Make no mistake—distracted driving is deadly. According to the CDC, each day in the United States more than 8 people are killed and 1,161 injured in crashes involving a reported distracted driver. Cell phone use and texting is considered to be the most common driving distraction. The NHTSA found that texting while driving is actually more dangerous than driving with a blood alcohol level of .08 – the percentage most states use to determine intoxication.
Since 2010, the state of Washington has implemented cell phone laws that allows police to ticket drivers for talking or texting while driving, although hands-free devices are allowed. Any kind of cell phone use (handheld and hands-free) is prohibited for novice drivers. The fine for cell phone use is $124 for a first-time offense and can be more if you cause a vehicle accident.
Preventing a Washington Distracted Driving Accident:
Distracted drivers are not only endangering themselves, they are threatening the lives of other passengers and motorists on the road. Here are our top tips to preventing a distracted driving accident:
- While driving, put your cell phone in a place that is not easily accessible from your driver’s seat. In case of an emergency situation, pull over to the safe area to make a call or send a text. While hands-free devices may seem like a safe option, they can still cause you to miss important visual and audio cues needed to avoid a crash.

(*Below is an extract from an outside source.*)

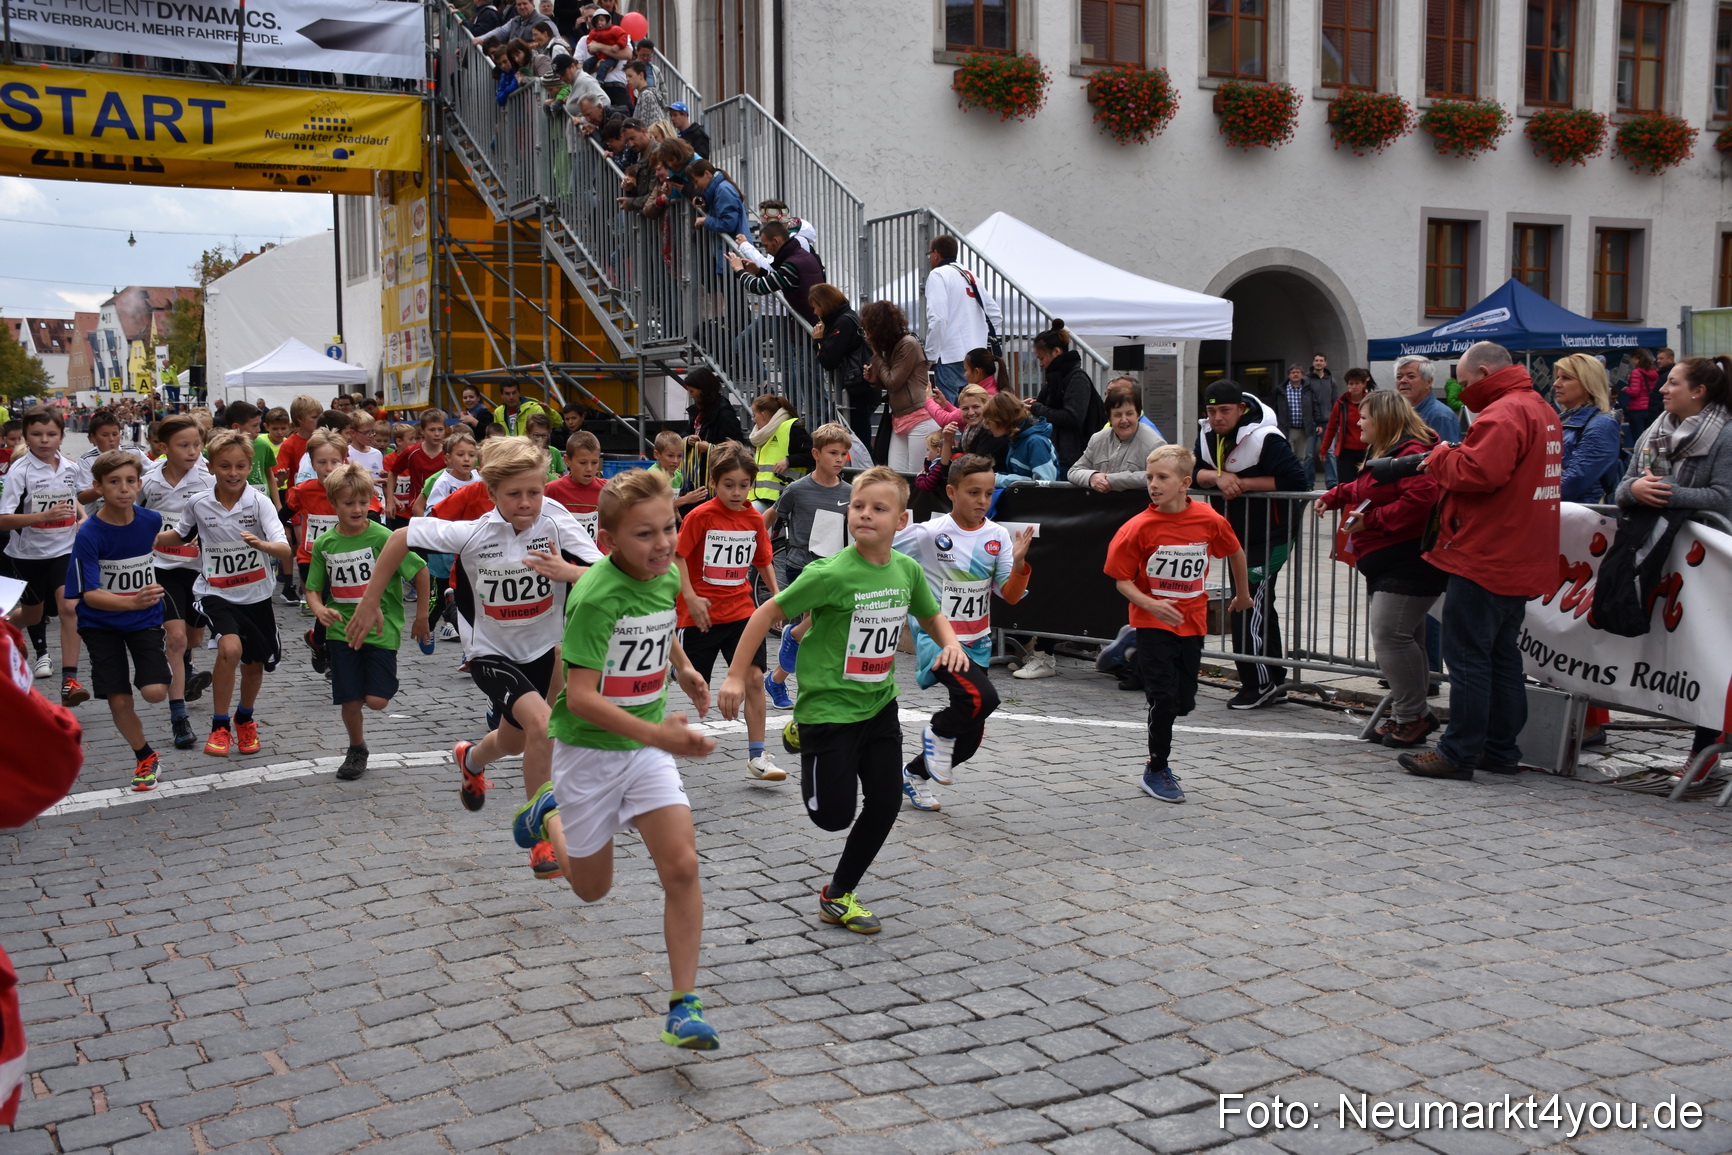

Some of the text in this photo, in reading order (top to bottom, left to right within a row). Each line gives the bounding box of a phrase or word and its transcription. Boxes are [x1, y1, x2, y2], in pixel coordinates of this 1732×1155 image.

- Be sure to get your ducks in a row before you put your car in drive. This includes setting up your GPS route, posting on social media or finishing breakfast. Get organized before you head into your vehicle to eliminate the need for multitasking.
- If you have a passenger in the car, use them. Rely on your passenger to manage the GPS, make calls or texts for you or perform other tasks. This will allow you to fully focus on the road without having to multitask.
If You Were Involved in a Washington Distracted Driving Accident:
If you were injured in vehicle accident involving a suspected distracted driver, contact your auto accident attorneys at Evergreen Personal Injury Counsel. The best way to hold a distracted driver accountable for their negligent actions is to consult with an experienced attorney to ensure your legal rights are protected. After an initial consultation, we can determine if your injury claim is viable.
Our auto accident attorneys will carefully investigate your vehicle accident, collect evidence and build an effective case strategy. If you cannot come to our office in downtown Tacoma, we are available to come to you. Schedule a complimentary consultation with our team today and make a commitment against distracted driving through April and beyond.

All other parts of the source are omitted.